__WORK TO COMPLETE__.
Retype the records below exactly as they stand, omitting the pictures.

__SOURCE RECORDS__.
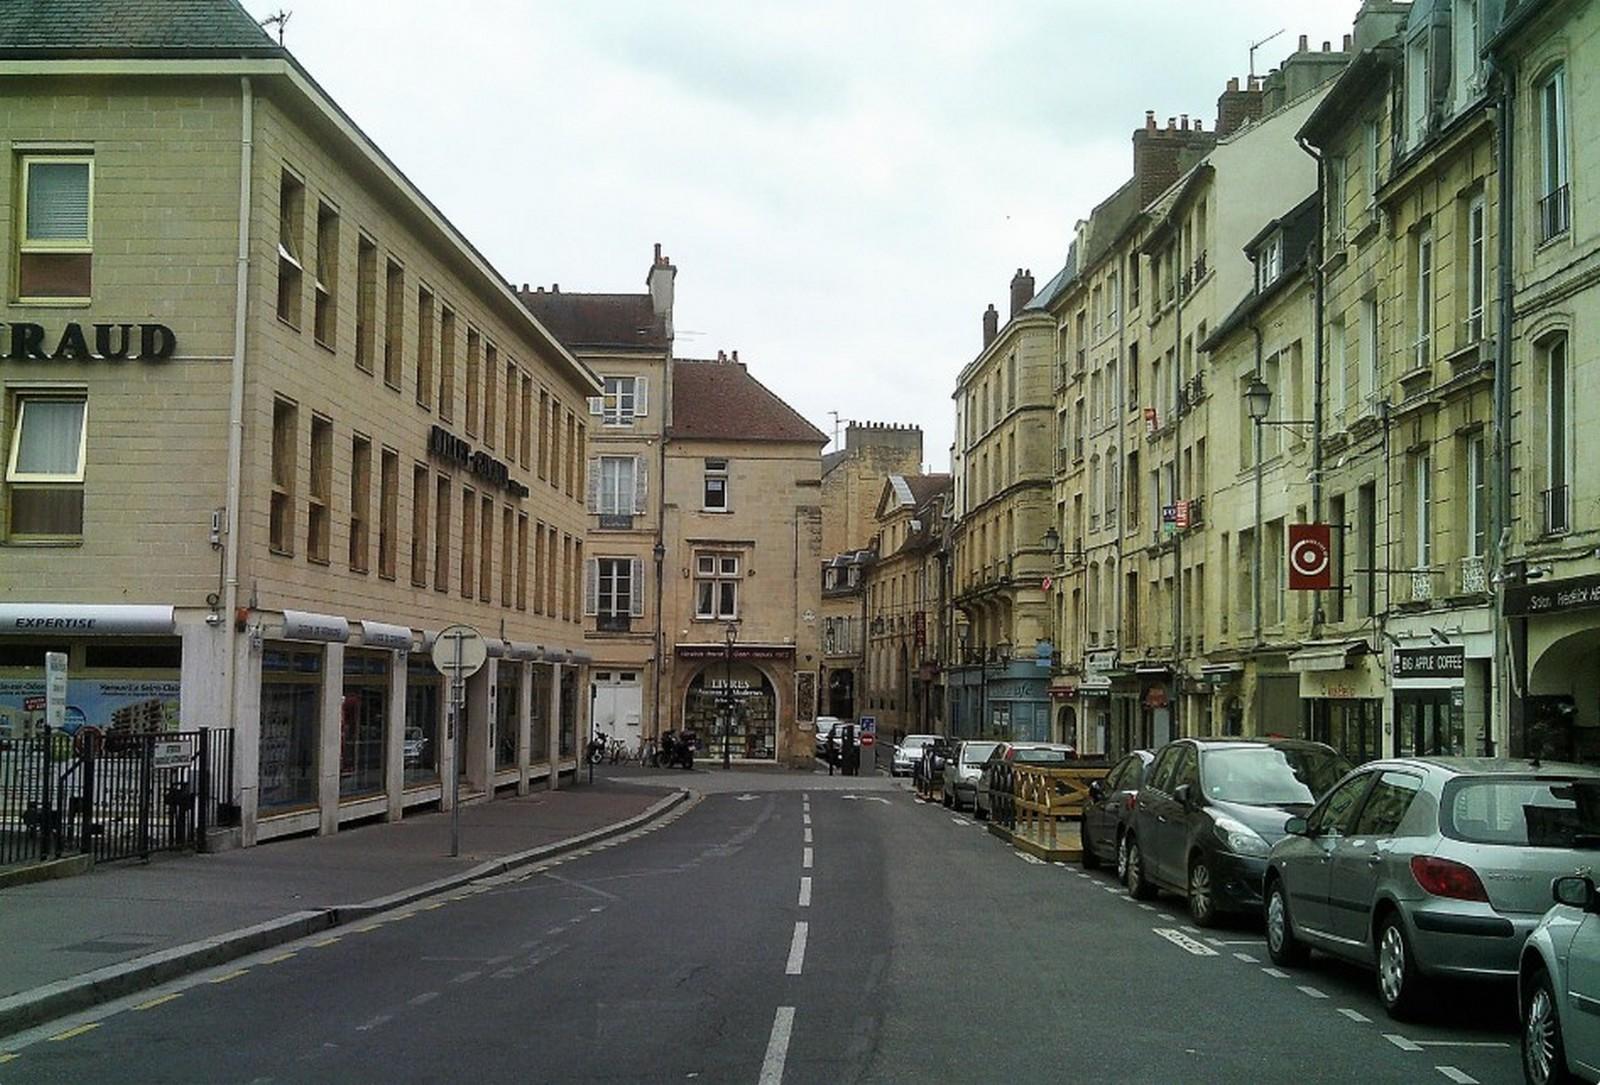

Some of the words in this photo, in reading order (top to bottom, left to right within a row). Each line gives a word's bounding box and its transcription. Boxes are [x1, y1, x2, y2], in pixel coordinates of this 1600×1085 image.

[15, 618, 96, 628] EXPERTISE
[1402, 656, 1413, 670] BIG
[1415, 656, 1434, 670] APPLE
[1437, 655, 1462, 669] COFFEE
[712, 679, 750, 689] LIVRES

__ANSWER TO THIS TASK__.
Some of the words in this photo, in reading order (top to bottom, left to right within a row). Each line gives a word's bounding box and its transcription. Boxes are [x1, y1, x2, y2], in pixel coordinates of this 1600×1085 image.

[15, 618, 96, 628] EXPERTISE
[1402, 656, 1413, 670] BIG
[1415, 656, 1434, 670] APPLE
[1437, 655, 1462, 669] COFFEE
[712, 679, 750, 689] LIVRES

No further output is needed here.